Preview – Project Highrise

One of my very earliest PC gaming memories is playing Sim Tower at my mate’s house, way back in the heady days of 1994. My nine-year-old self was captivated, watching the little computer people going about their lives, and it opened my mind to the possibilities of PC gaming beyond the consoles I’d played at home.

Since then, the skyscraper simulator has been a sadly neglected genre – but that’s set to change with Project Highrise. Over the last couple of weeks I’ve spent a few hours with a preview build, provided to DarkZero by publisher Kasedo Games and developer SomaSim.

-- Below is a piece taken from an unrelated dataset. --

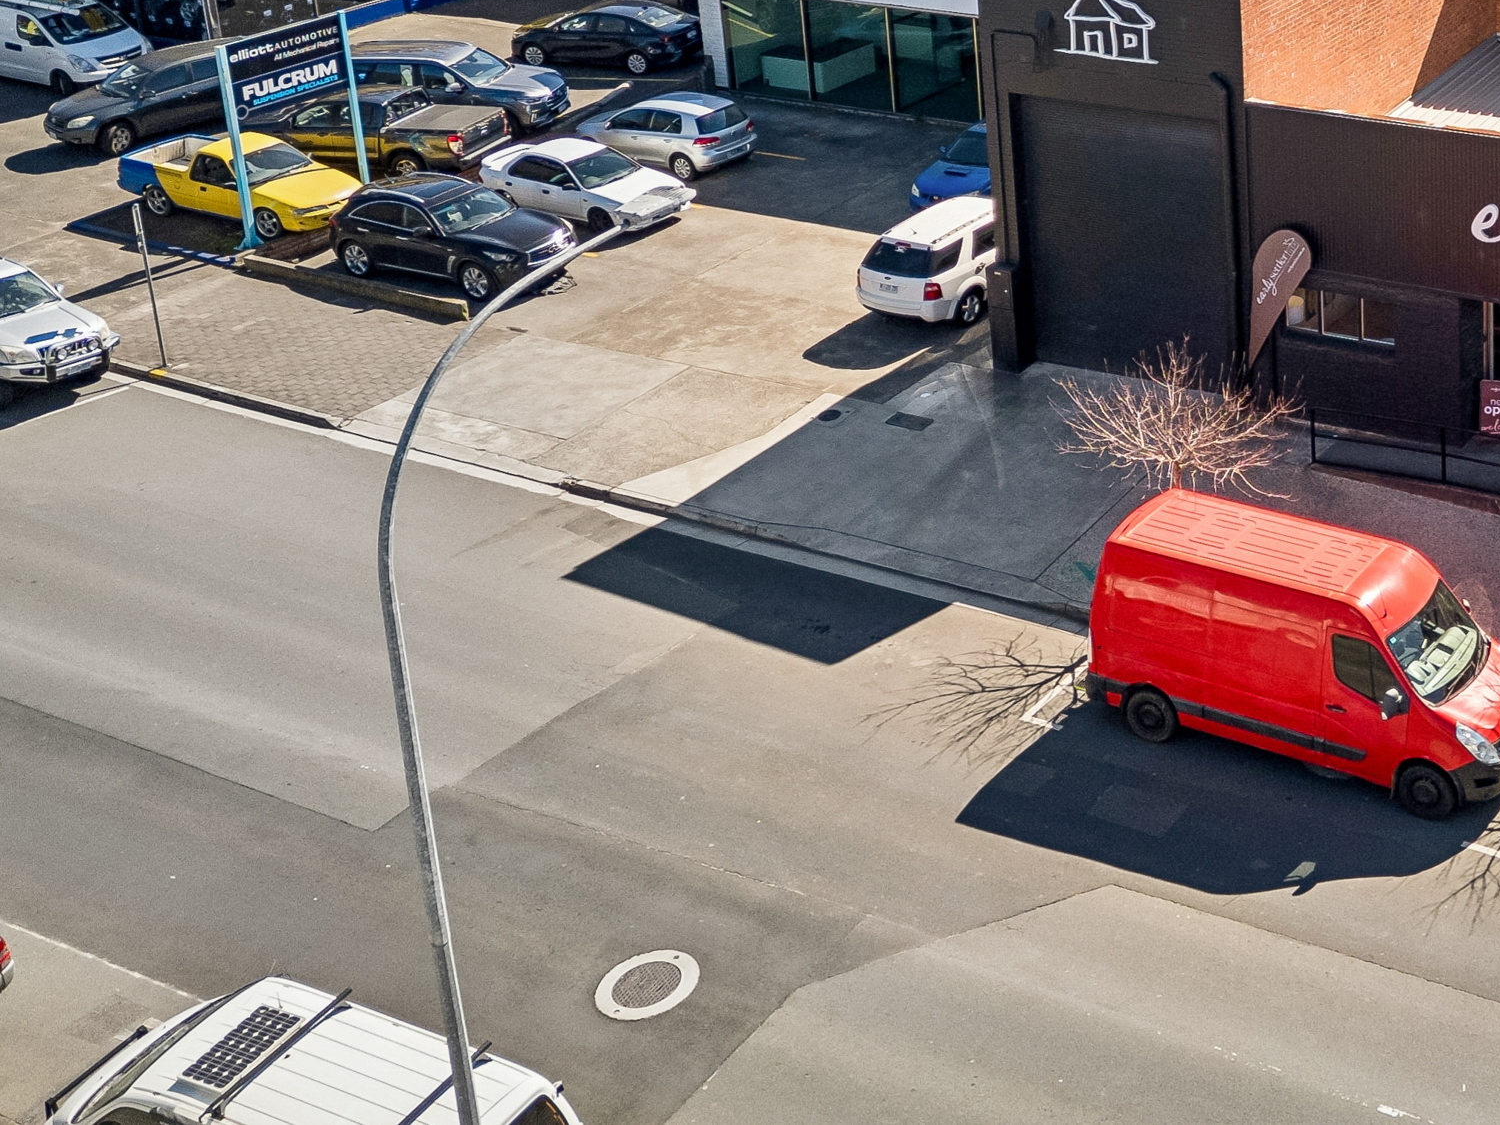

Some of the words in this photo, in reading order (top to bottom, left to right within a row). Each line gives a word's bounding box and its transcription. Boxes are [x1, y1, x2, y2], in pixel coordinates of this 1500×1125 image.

An established building in Project Highrise

Project Highrise lets you build the skyscraper of your dreams – then run it into the ground

Anyone familiar with Maxis’ tower-building classic will find themselves immediately at home with Project Highrise – not that it’s terribly difficult to get to grips for newcomers. You’re presented with a side-on view of your humble tower, just one storey high and a shell inside, and are tasked with assigning offices, shops and apartments, finding tenants to get that rent rolling in, and – of course – building ever-higher to cram more of them in.

But as the developer’s blurb states, a skyscraper is more than just steel and glass: it’s an intricate ecosystem. And as the building’s chief architect, it’s your job to make sure that your tenants are happy and manage the building’s infrastructure. I’m not so sure that this is an accurate depiction of an actual architect’s job description – but it certainly makes for a well-balanced games.

Office tenants will need photocopying, courier services and the like – as well as places to have lunch. Restaurants themselves thrive in areas of high footfall, even shutting down if business is terrible. As for residents, occupants of cheaper apartments will put up with a lot in the way of noise and smell from your facilities and other tenants – but if you want to make serious money from fancier flats, you’ll need to place them wisely.

Night time in Project Highrise

A day-night cycle drives the game’s rhythms – and it’s great to see your tenants come and go

It all adds up to a fairly challenging juggling act, and combined with the maintenance of your tower’s infrastructure – lifts, plumbing and electrics to name a few – there’s always something calling for your attention.

The game’s scheduled for release in September, but it’s already looking fairly polished. There are full in-game tutorials, which are delivered with character and humour – a little touch that really helps to ease you into the various mechanics. The cell-shaded art style isn’t flashy, but it’s detailed and clear. That said, I did find myself wishing for a little more colour at times.

It’s too early to tell whether or not its constant balancing act has staying power, and I’d love to have seen more of the tutorial’s character and flavour come through in the game proper. But aside from these minor reservations, Project Highrise is shaping up rather nicely. It’s not without a few minor bugs and rough edges in the interface – but more importantly, it’s already a lot of fun to play.